> Exercise instructions:
Transcribe everything in the records exactly. Skip the images.

> Records for this task:
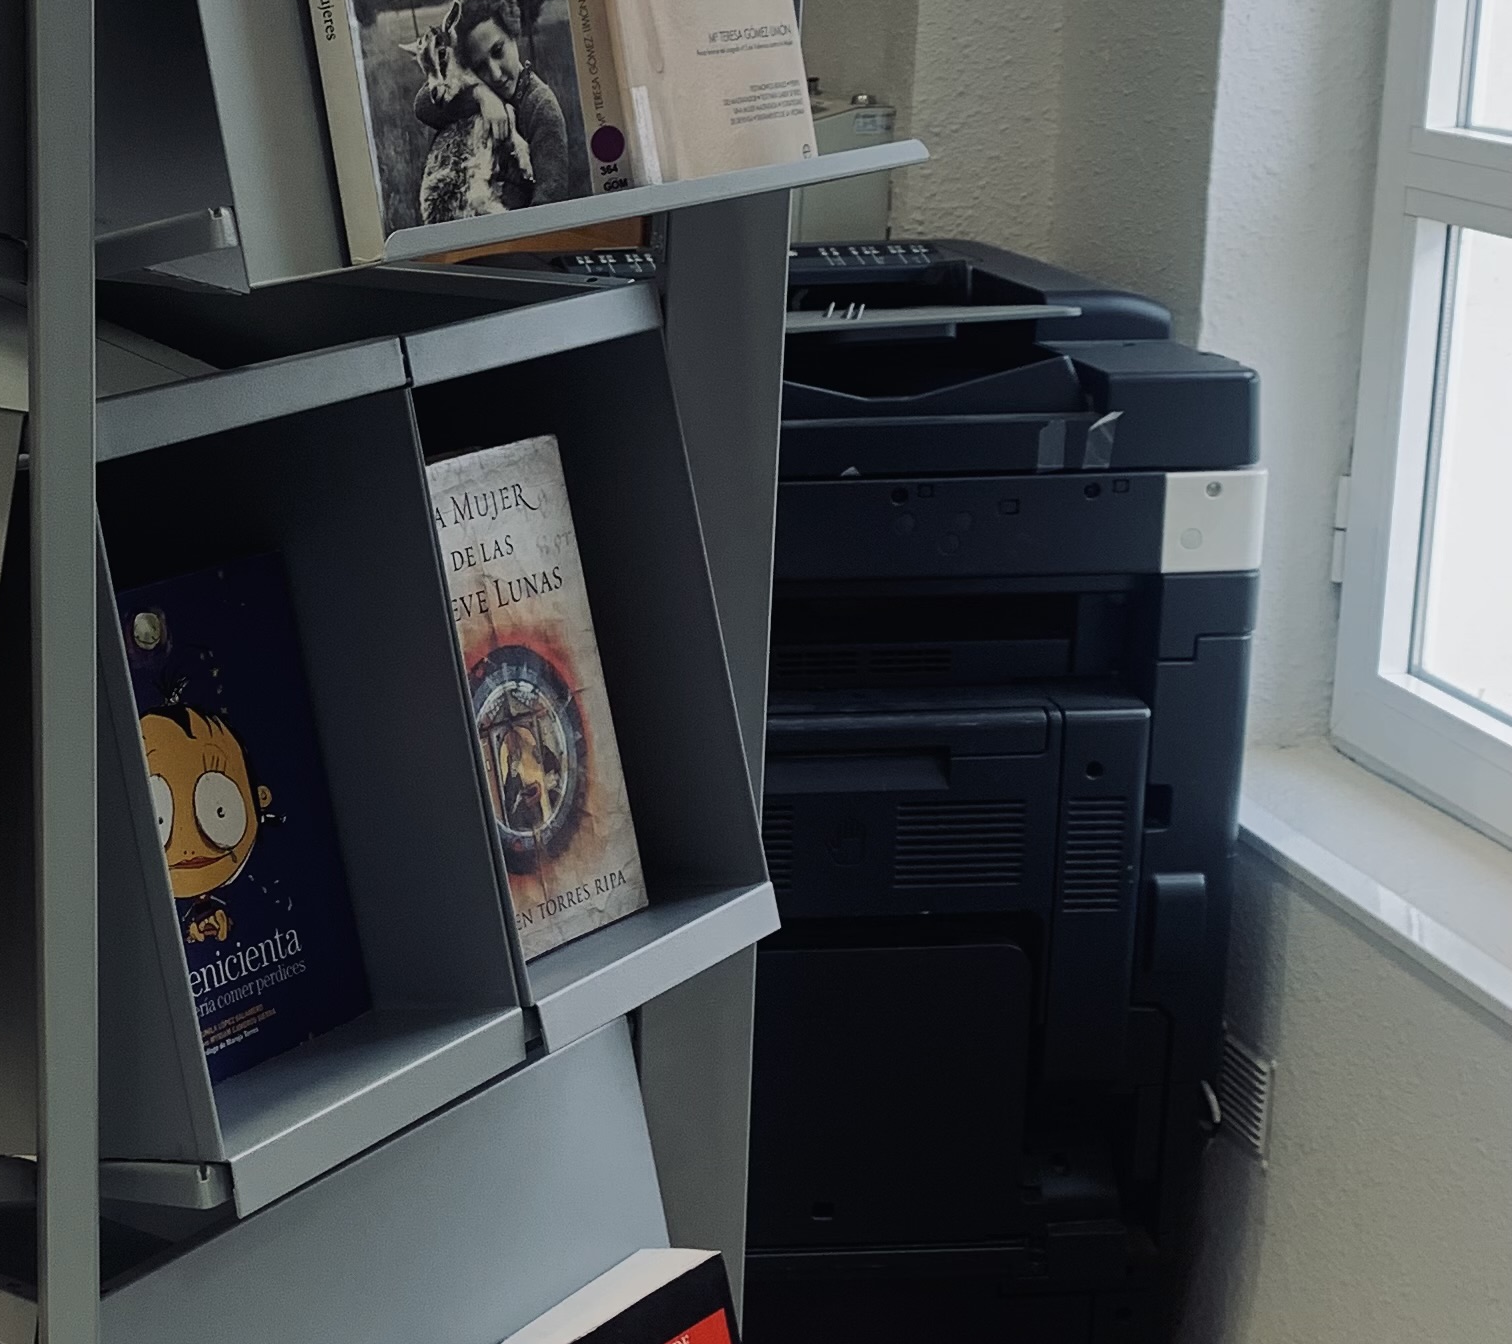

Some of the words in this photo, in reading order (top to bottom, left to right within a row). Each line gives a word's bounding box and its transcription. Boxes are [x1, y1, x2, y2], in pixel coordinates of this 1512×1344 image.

[719, 29, 743, 42] TERESA
[591, 76, 605, 111] TERESA
[600, 164, 619, 176] 364
[603, 178, 628, 192] GOM
[450, 483, 538, 525] MUJER
[450, 546, 477, 572] DE
[480, 534, 514, 563] LAS
[493, 566, 563, 608] LUNAS
[537, 883, 591, 920] TORRES
[594, 869, 627, 895] RIPA
[217, 981, 255, 1007] comer
[256, 959, 307, 996] perdices
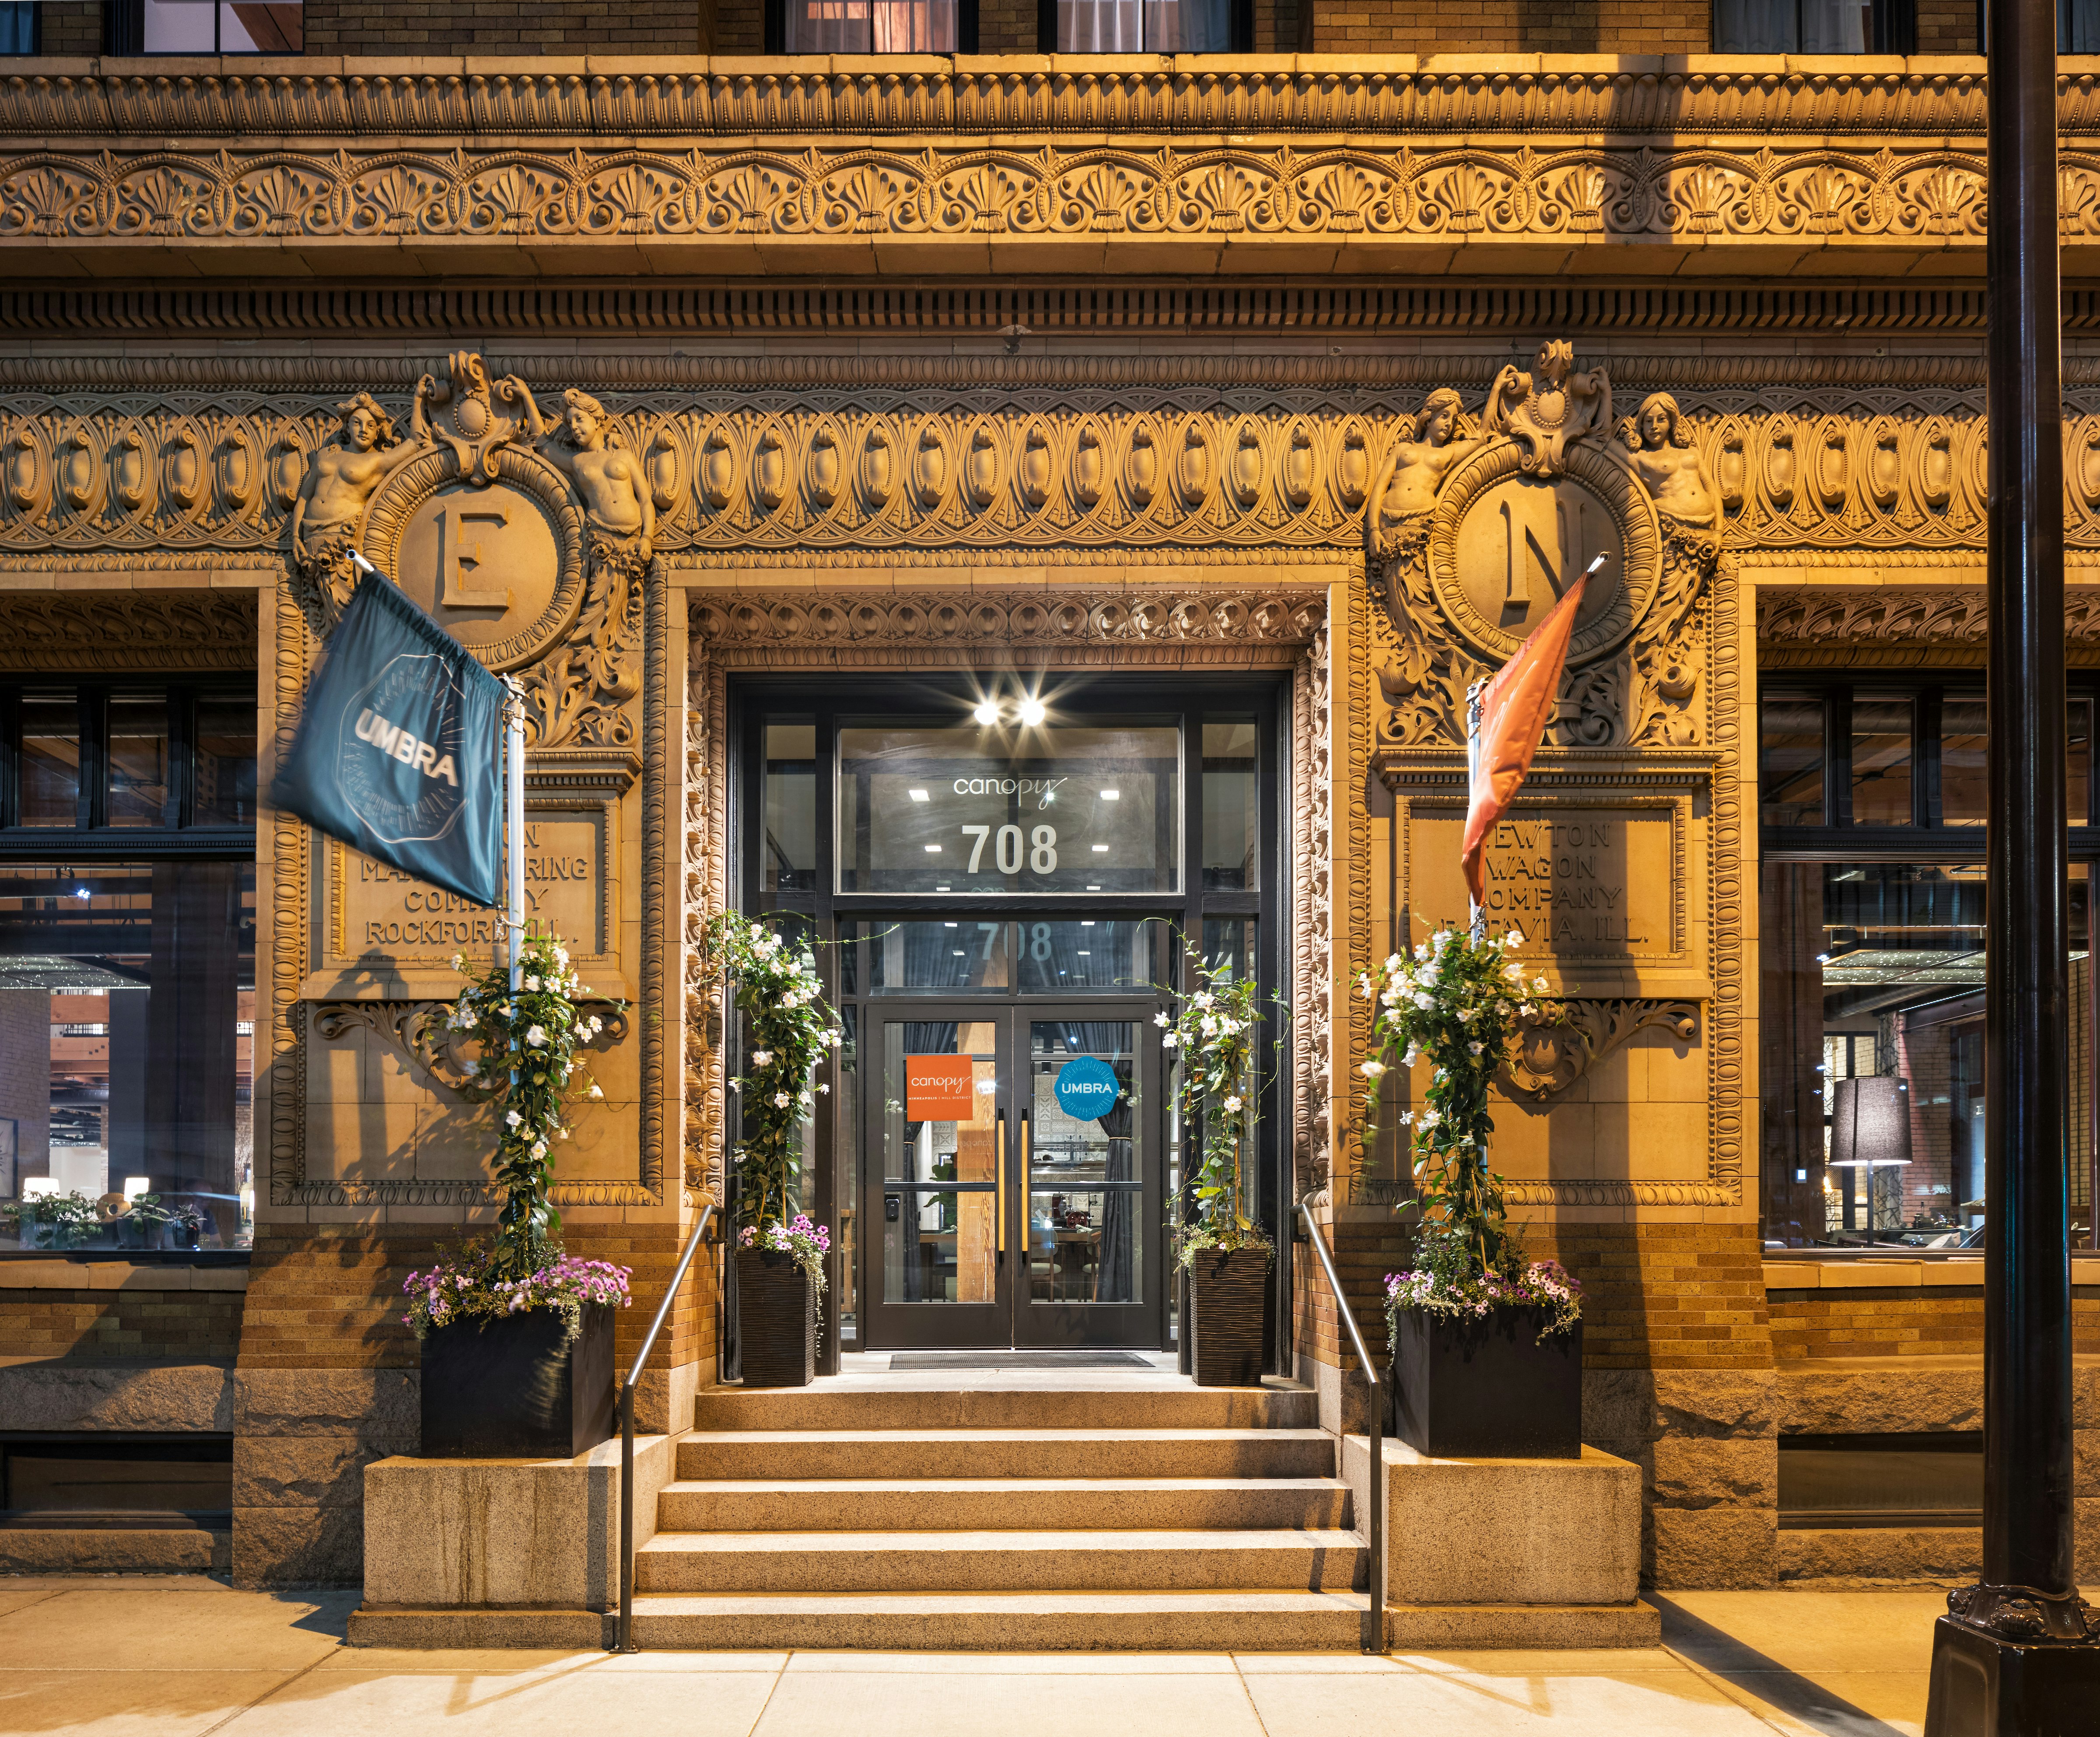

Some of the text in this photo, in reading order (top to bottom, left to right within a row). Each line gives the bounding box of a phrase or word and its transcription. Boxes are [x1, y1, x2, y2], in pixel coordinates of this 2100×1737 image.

> Response:
Some of the words in this photo, in reading order (top to bottom, left to right within a row). Each line gives a word's bounding box and its transcription. Boxes are [x1, y1, x2, y2], in pixel coordinates of this 1512×1344 image.

[719, 29, 743, 42] TERESA
[591, 76, 605, 111] TERESA
[600, 164, 619, 176] 364
[603, 178, 628, 192] GOM
[450, 483, 538, 525] MUJER
[450, 546, 477, 572] DE
[480, 534, 514, 563] LAS
[493, 566, 563, 608] LUNAS
[537, 883, 591, 920] TORRES
[594, 869, 627, 895] RIPA
[217, 981, 255, 1007] comer
[256, 959, 307, 996] perdices

Some of the text in this photo, in reading order (top to bottom, left to right within a row). Each line gives the bounding box of a phrase or word and its transcription. Boxes are [x1, y1, x2, y2], in pixel coordinates of this 2100×1737 image.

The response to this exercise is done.